Packagr is a cloud hosted private repository for your private Python packages. The Packagr CLI is a separate, open source project intended to support it by allowing you to perform most of Packagr’s functionality via the API


Packagr CLI can be installed via pip:

pip install packagr-cli

It can then be invoked via the packagr command in any terminal window:

packagr [command] [args]



packagr configure <hash-id> <email> <password>

You should call the configure command straight after you install Packagr CLI. This command will store your credentials to a config file, packagr_conf.toml, that is referenced by many other of the Packagr CLI commands, and removes the need for the Packagr CLI to contstantly prompt you for your password (as is the case with pip/twine)


Where do I get my Packagr hash id?

When you first sign up for a Packagr account, you’ll be assigned a unique repository url that looks something like this:

The last part of this url is your hash-id


packagr init <name> [--overwrite]

In order to create a Package, Packagr needs a file called packagr.toml, which contains information about your package. The package init command creates this file for you

The name argument is optional - if not specified, the name will default to the name of the folder you invoke the call from.

Additionally, the init command will also create a subfolder called name, if one doesn’t already exist. By default, Packagr assumes that the code you want to package is stored in this folder. However, if you want to customize that, you can easily do so by editing the packages parameter in packagr.toml. It’s also possible to modify any of the valuues in the config file manually.



packagr set <key> <value>

Once your packagr.toml file has been created, you can use the set command to set values within it. For example, if you wanted to add a description to the config, you could enter the following command:

packagr set description "some information"

You could equally just go into your packagr.toml file and add the line description = "some information" manually, but the recommended way is to use the CLI - eventually, the CLI will validate the value of key to ensure that it is valid.

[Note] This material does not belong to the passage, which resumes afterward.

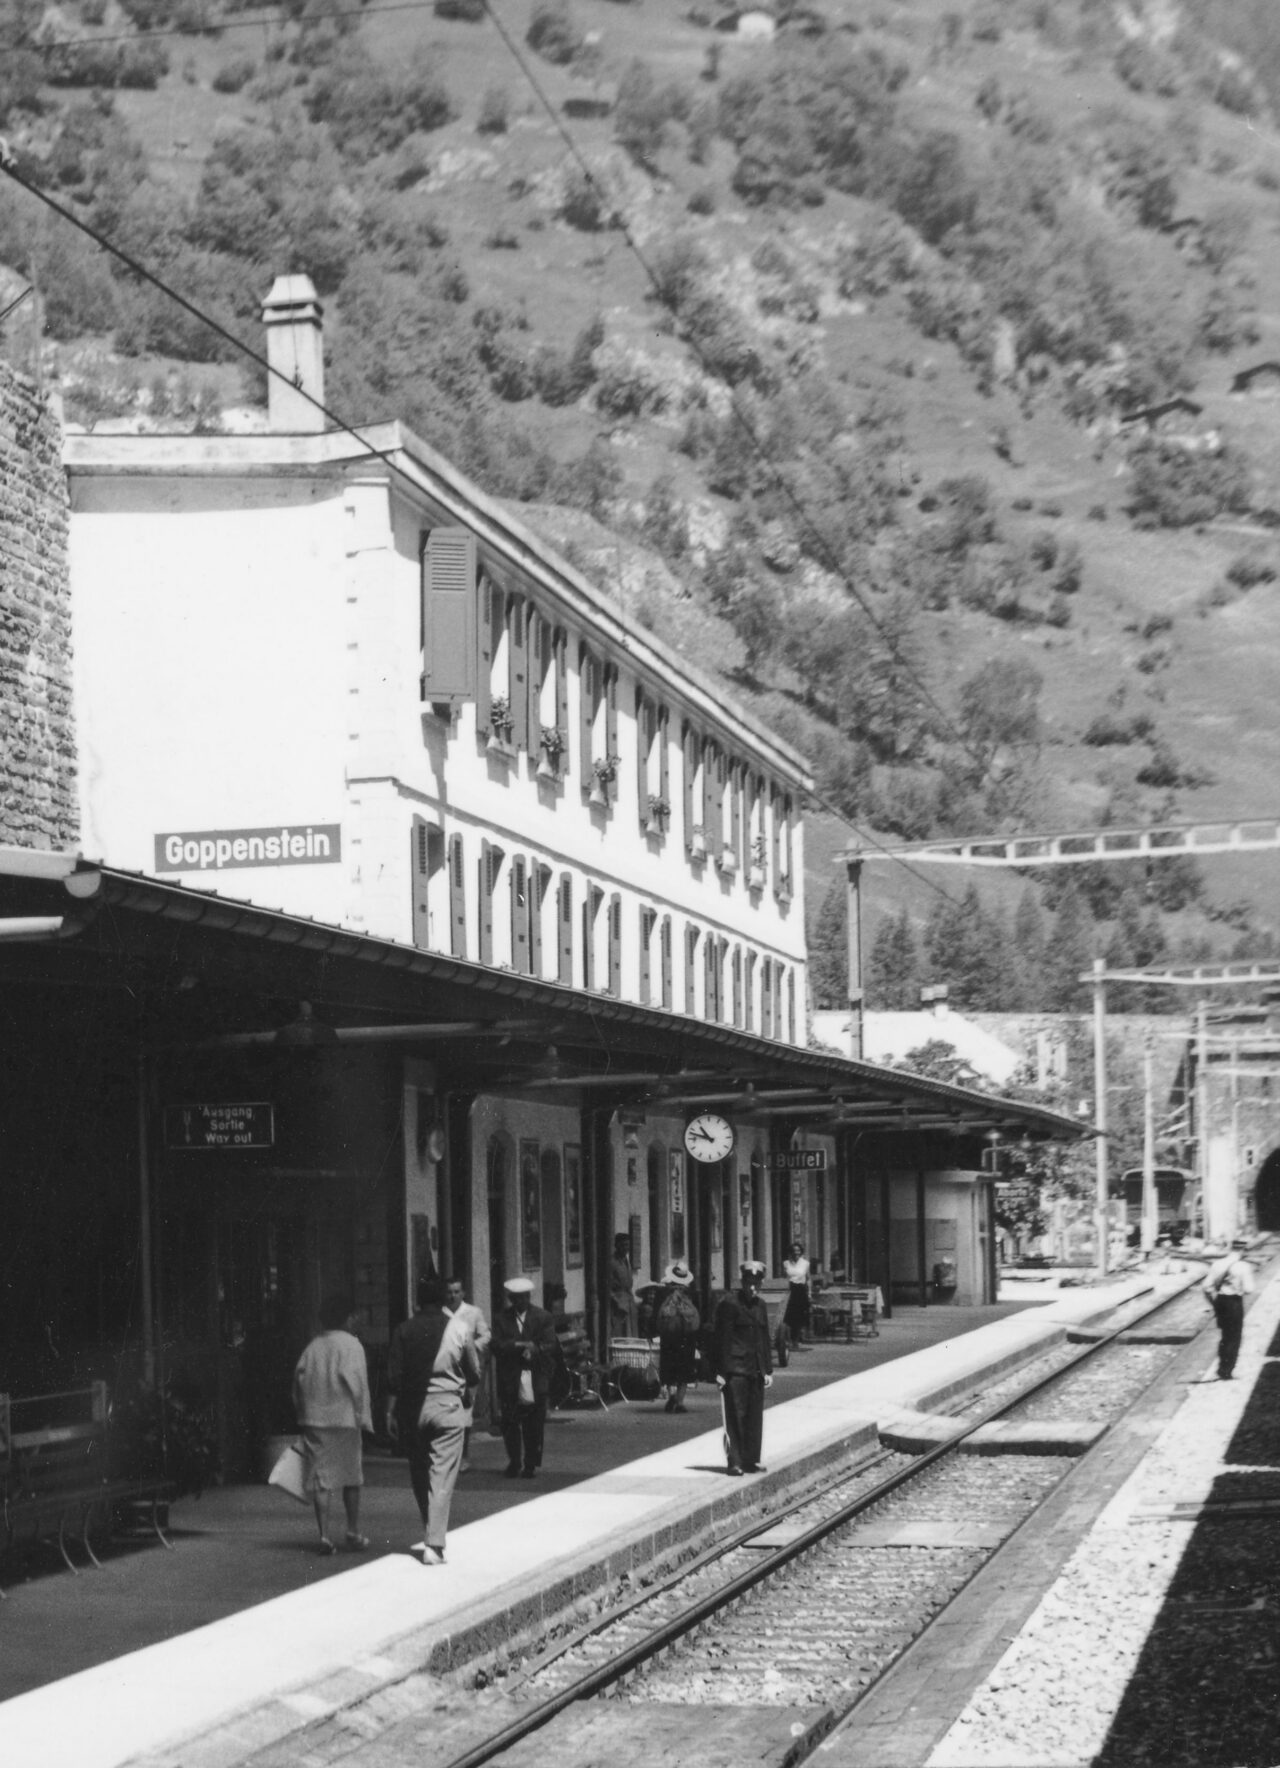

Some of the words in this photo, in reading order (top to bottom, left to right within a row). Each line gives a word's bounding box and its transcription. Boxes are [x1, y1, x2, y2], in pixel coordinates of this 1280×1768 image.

If you enter a duplicate key, you will be prompted to confirm that you want to overwrite it



packagr add <key> <value>

The add command works in a similar way to the set command, but it’s purpose is to append data to arrays already defined in the config. For example, if your config already looks like this:

Authors = ['Chris <>'] 

Then you can update this value using packagr add Authors "some guy <>" to change it to the following:

Authors = [ "Chris <>", "Some guy <>",]

The add command will also add a value to a key that doesn’t exist.



packagr install <some-package>

The install command works in a similar way to pip install - it installs a package using your current environment’s pip installation. However, this command will also look for packages in your Packagr repository, as well as in the public PyPI repository. Once a package is installed correctly, it will also be added to your config’s install_requires section



packagr uninstall <some-package>

This command does the opposite of install - it uninstalls a given package and removes it from the dependencies list.



packagr bump <version> [--minor] [--major]

The bump command increases the version number of your package. Used without arguments, e.g. packagr bump, it increases the version number, e.g. 1.0.0 becomes 1.0.0. Using the --minor argument increases the minor version number, e.g. 1.0.0 > 1.1.0 and the --major argument converts 1.0.0 to 2.0.0. The --major and --minor arguments can be used in conjuction with each other.

Alternatively, you can use packagr bump 4.5.6 to set the version for a specific value. If you aren’t using semver, which means that the bump command may not be able to parse the existing version number, then you can use this option instead



packagr package

Creates sdist and/or wheel packages based on your config file. Using the command without arguments will create a package in both formats. Using --no-wheel or no-sdist will prevent creation of specific formats



packagr upload [--ignore-409]

This command will push your package to Packagr. If you are uploading many packages at once, you may opt to use the --ignore-409 argument, which will skip to the next package if encountering a 409 error (conflict for URL). In future, Packagr CLI will have the ability to display detailed logs from Packagr, which offers a big advantage over twine’s limited ability to handle error responses

Create token

packagr create-token <package> <email> [--write-access]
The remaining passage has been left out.